# My Mechanical Mom...



## Nerri1029 (May 19, 2006)

It has Officially RAINED for 10 days straight here..
and I had the last 4 days off...

SOOOOOOOOOOOOOO

I had some parts here for a while.. and wanted to make one ..

the whole thing:






the electrical stuff:






the incubator with 3 eggsac chambers:






advice and comments welcome


----------



## Scorp guy (May 19, 2006)

very nice:clap: :clap: :clap: :clap: :clap: :clap: :clap: :clap: :clap: :clap: :clap: :clap: :clap: :clap: :clap: :clap: :clap: :clap: :clap: :clap: :clap: :clap: :clap: :clap: :clap:  like i said, i couldnt make one if i tried my whole life lol, you must have some skill to do that.

PS::clap:


----------



## HuonHengChai (May 19, 2006)

very nice. do you happen to have the blueprint for that? i think i wanna built one later


----------



## bananaman (May 20, 2006)

thats awesome! you should make a sticky on how to do it... congrats man!


----------



## liveprey (May 20, 2006)

Nice one Nerri 1029, I couldn't see opening another thread so I hope you don't mind me posting on yours. Mine was made on a rainy day also. It's the ATS version.
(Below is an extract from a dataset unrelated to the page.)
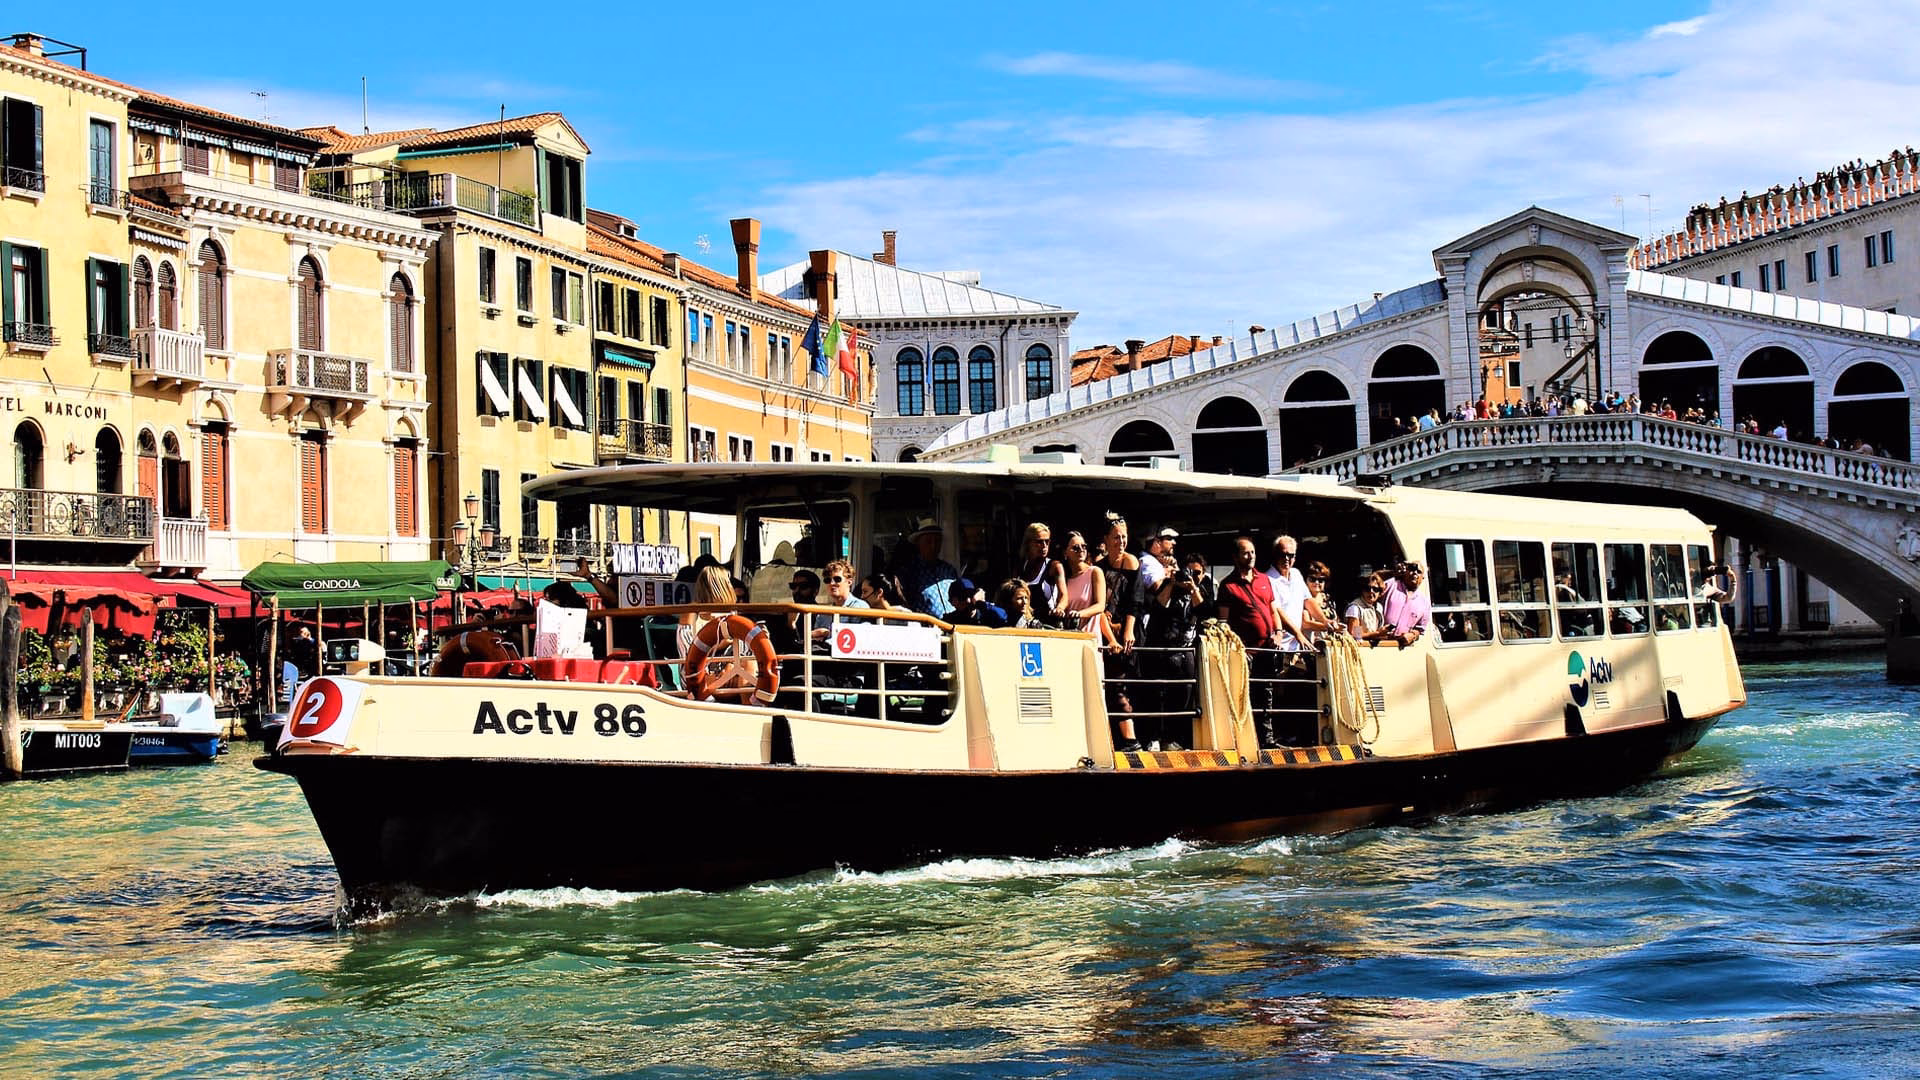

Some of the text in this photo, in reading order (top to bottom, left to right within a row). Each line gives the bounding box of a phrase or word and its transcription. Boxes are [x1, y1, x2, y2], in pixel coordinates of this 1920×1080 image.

I like seeing the variations between the models. The only problem I see with both of them is that they are empty!!!


----------



## xgrafcorex (May 20, 2006)

liveprey said:
			
		

> The only problem I see with both of them is that they are empty!!!
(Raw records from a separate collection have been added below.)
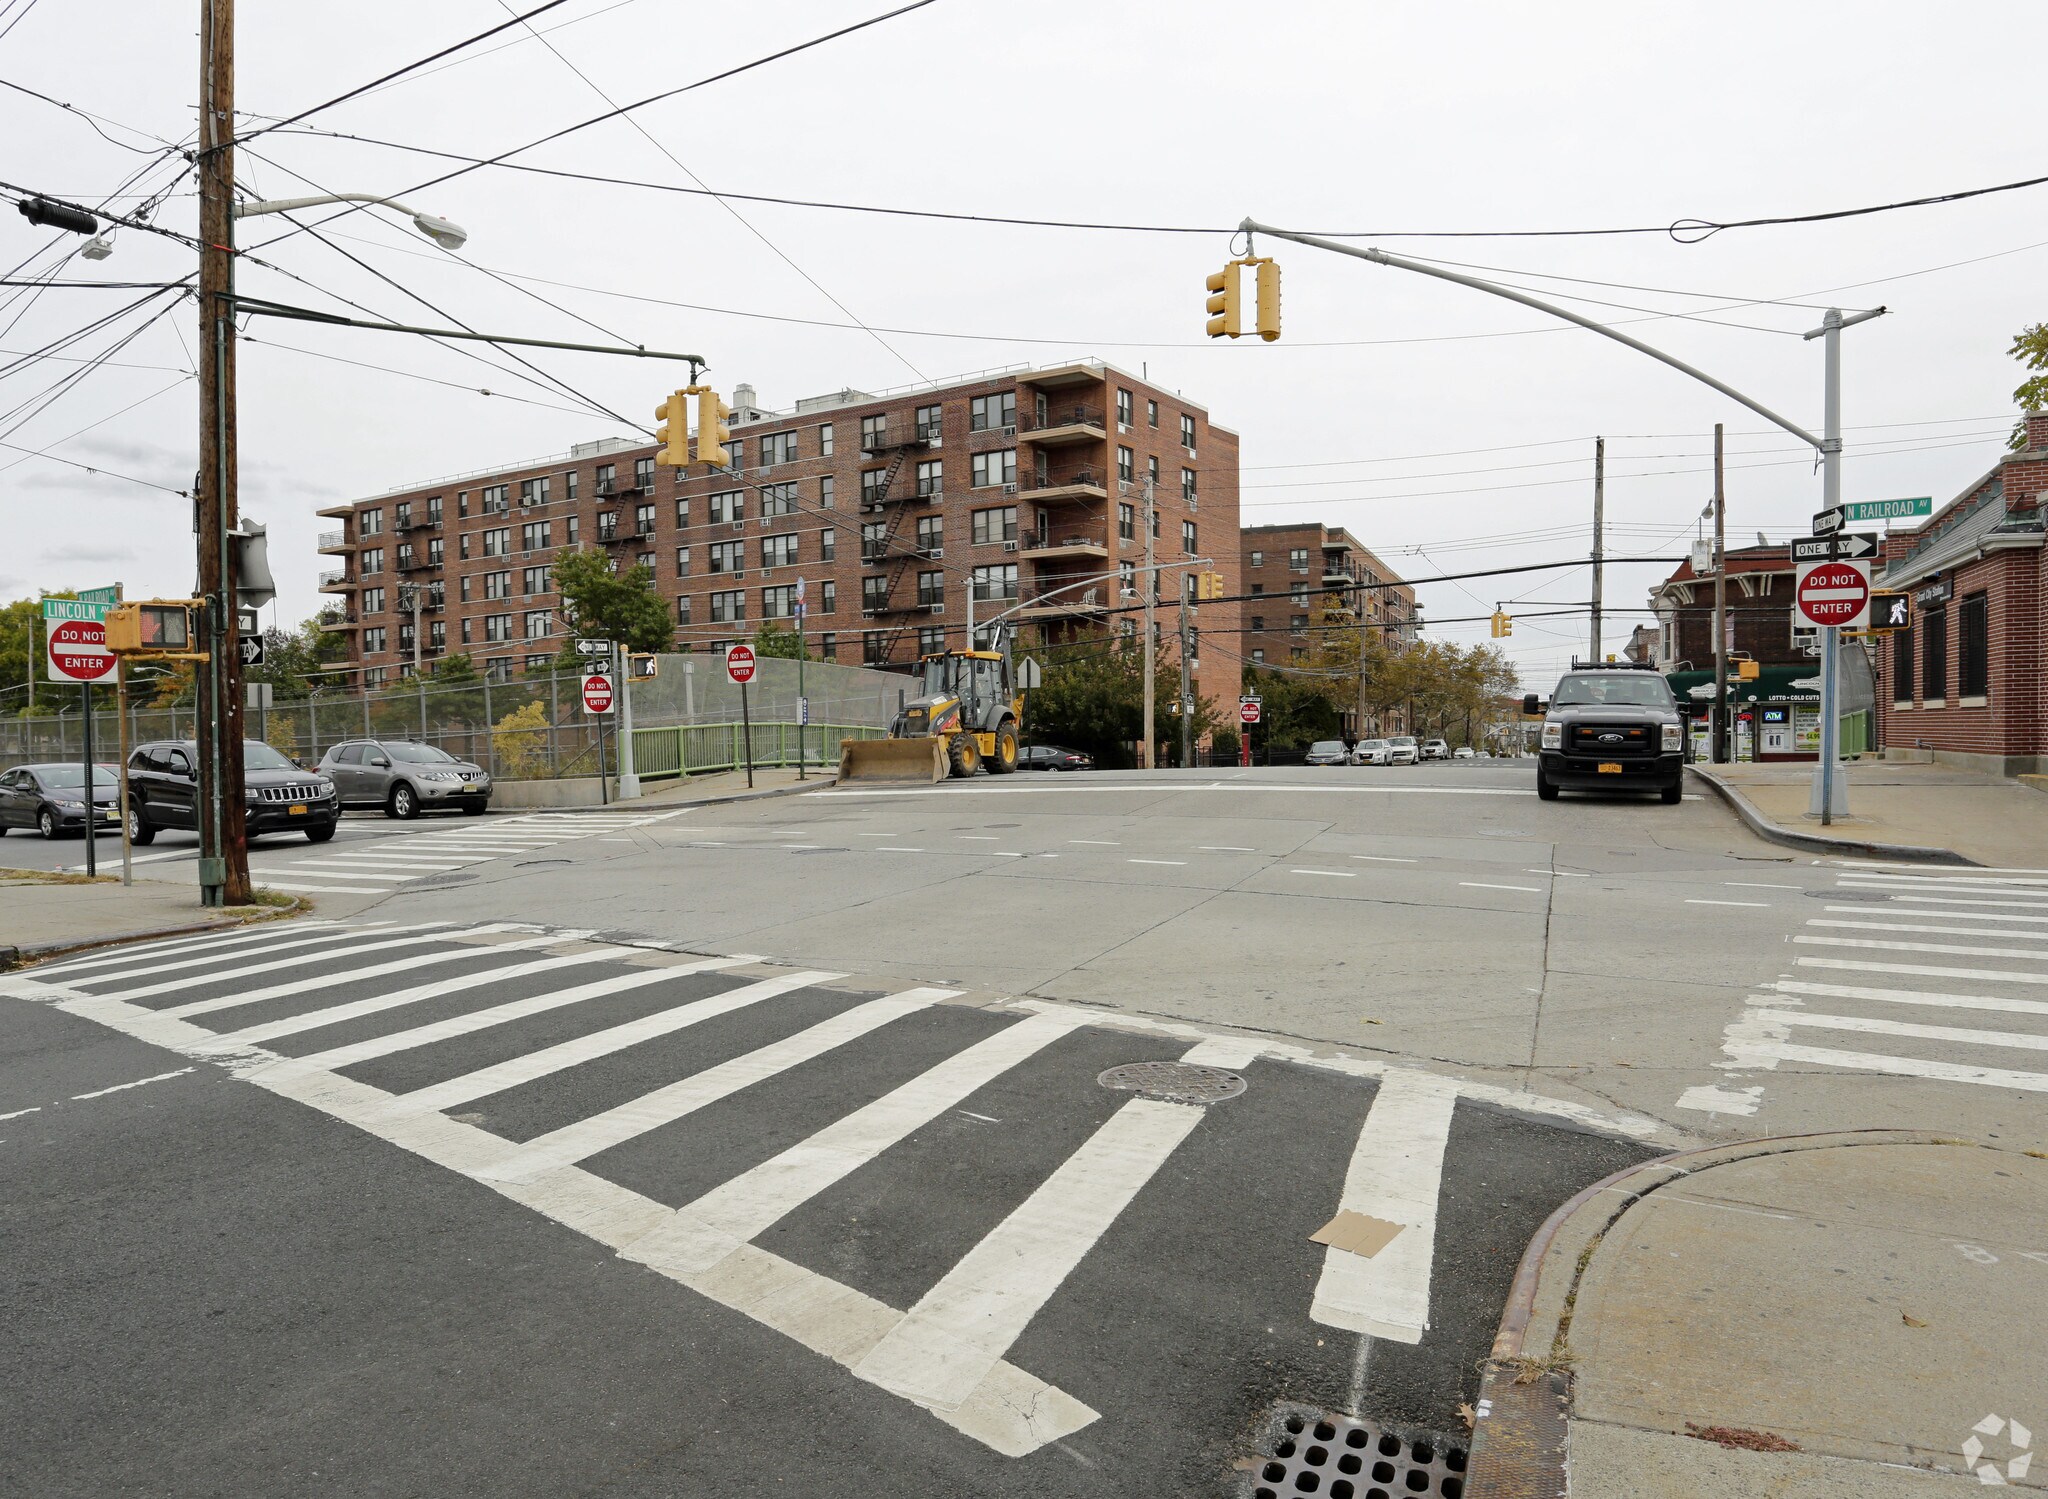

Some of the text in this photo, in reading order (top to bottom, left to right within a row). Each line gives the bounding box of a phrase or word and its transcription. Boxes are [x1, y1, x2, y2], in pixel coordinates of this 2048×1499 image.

[1847, 506, 1854, 519] N
[1860, 501, 1914, 518] RAILROAD
[1815, 515, 1835, 530] ONE WAY
[1799, 544, 1821, 555] ONE
[1810, 574, 1856, 586] DO NOT
[48, 601, 96, 619] LINCOLN
[1812, 603, 1852, 614] ENTER
[61, 630, 106, 641] DO NOT
[65, 657, 104, 668] ENTER
[1765, 712, 1782, 720] ATM
good call.  either way, awesome set ups you both have!  never really thought too far into the whole sac raising end of it..then again i've only had one sac and it was from a wc rosea.


----------



## Nerri1029 (May 20, 2006)

Thanks..

The problem with me posting how I did this one is that this is a one off..

My motor is from a drum recorder like this one http://www.meteo-market.com/content/drum_recorder/meteograph/kozep.jpg

I built this one to be as versitile as possible..
and to simulate the mother's actions better..
- this one can rotate anywhere from 2 - 20 times in each half hour. the motor has 5 speeds set by all brass gearing.
- the sac chambers are from vacuum filters (FDA grade) 

- my other own addition from my herp days was a submersable Aqar. heater in a container of water, Acts like a heat sink and adds moisture to the air. 

- the circ fan is optional and is variable as well, to adapt to varying needs.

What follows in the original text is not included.